The epilogue of Vijay Prashad’s new book, “The Death of the Nation and the Future of the Arab Revolution,” examines the undercovered conflicts in Yemen and Palestine, and the role of Saudi Arabia. “The poorest Arab country is being destroyed by the richest Arab country,” Prashad says. “The very people that are out on the streets demanding that Israel stop bombing Gaza need to be out on the streets demanding that Saudi Arabia stop this murderous war against Yemen.”
AMY GOODMAN: You have an epilogue in your book, “Yemen and Palestine.”
VIJAY PRASHAD: Yeah, so, if you consider that there have been two situations where the bombing has been ruthless—in Palestine, of course, there is an occupation, and the occupation has been on, you know, for decades. But in the last 15 years, Israel has, in a punctuated fashion, bombed Gaza. And it’s bombed Gaza, been resupplied by the West, received diplomatic backing by the West, has not able to, you know, receive, I think, the criticism it deserves from the so-called international community.
Yemen, since March of 2015, has been ruthlessly bombed. The poorest Arab country is being destroyed by the richest Arab country. And nobody has been able to properly criticize the Saudis, because they have been essentially backed by the United States, rearmed by them, etc.
And the reason I put them together is that there is a international sensibility to support the Palestinian cause. Every time there’s a bombing in Gaza, there are demonstrations. There is heartfelt, I think, condemnation. But with this bombing in Yemen, there is virtual silence. You know, the very people that are out on the streets demanding that Israel stop bombing Gaza need to be out on the streets demanding that Saudi Arabia stop this murderous war against Yemen.
JUAN GONZÁLEZ: And I’d like to ask you: How do you see the failure of the Arab Spring even to consolidate any kind of progressive left movement in any of the countries we’ve been talking about? Why has it been so difficult?
VIJAY PRASHAD: Well, Juan, firstly, the question of an Arab Spring is a misnomer, because this was really a spring in some Arab countries. You know, it’s interesting that most of the countries that were Arab nationalist regimes, you know, relatively secular regimes, experienced the depth of the Arab Spring, not the monarchies. You know, there was no real Arab Spring in Jordan, no real Arab Spring in Morocco, no real Arab Spring in Saudi Arabia, and in Bahrain, which is one of the smallest monarchies, it was crushed. So, this Arab Spring was largely the spring of the exhaustion of Arab nationalism.

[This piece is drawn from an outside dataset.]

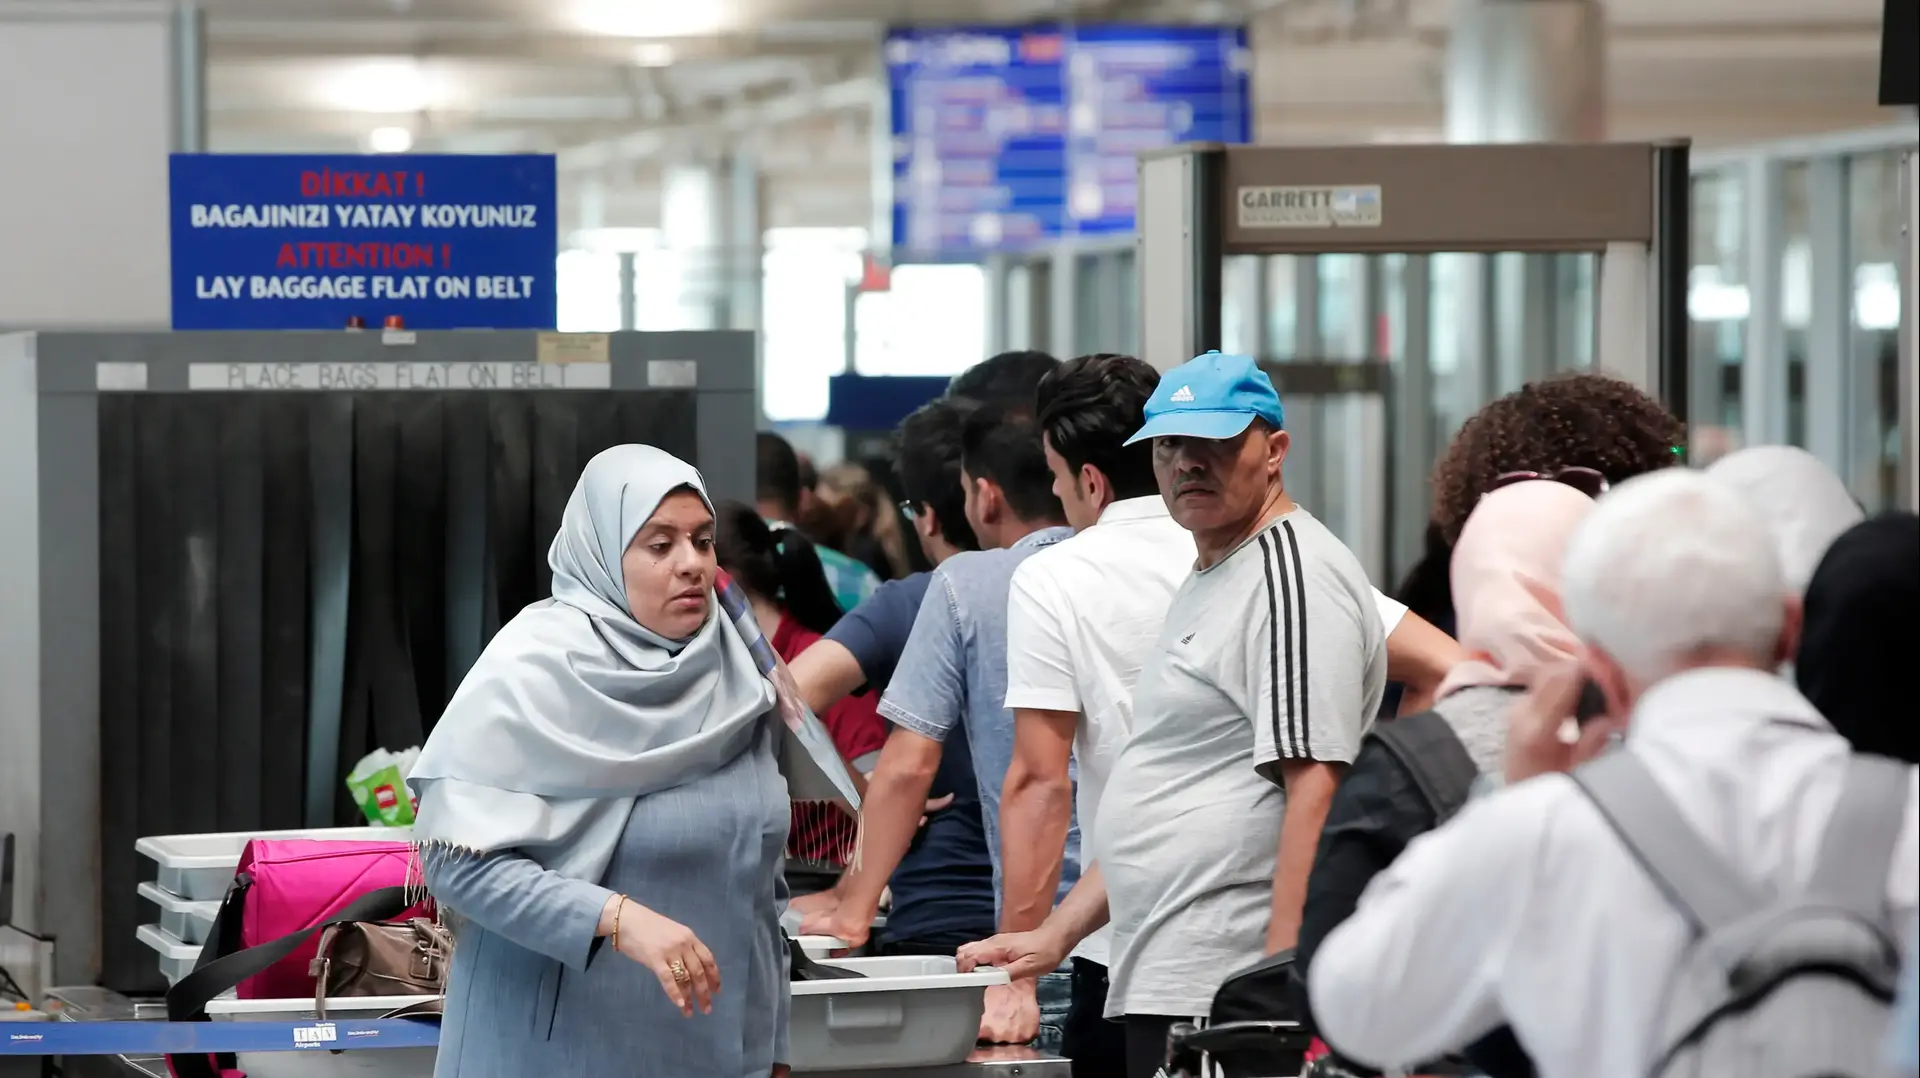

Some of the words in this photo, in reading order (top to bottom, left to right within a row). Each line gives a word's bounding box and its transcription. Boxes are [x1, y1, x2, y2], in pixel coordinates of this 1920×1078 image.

And in that sense, we need to understand that this was less an Arab Spring and more the opening of an Arab civil war. You know, this civil war has been going on since the 1950s between Arab nationalist governments and the monarchies. And the weakness of the Arab nationalist governments, their own weakness, their own use of brutal means against the people, their own economic collapse, had weakened them to such a point that when the uprisings began, the monarchies took advantage of it, and they entered to—in a sense, I would say, to destroy the capacity of ordinary people to build their own society. So, it’s less an Arab Spring, more an Arab civil war, that the monarchies seem to have won.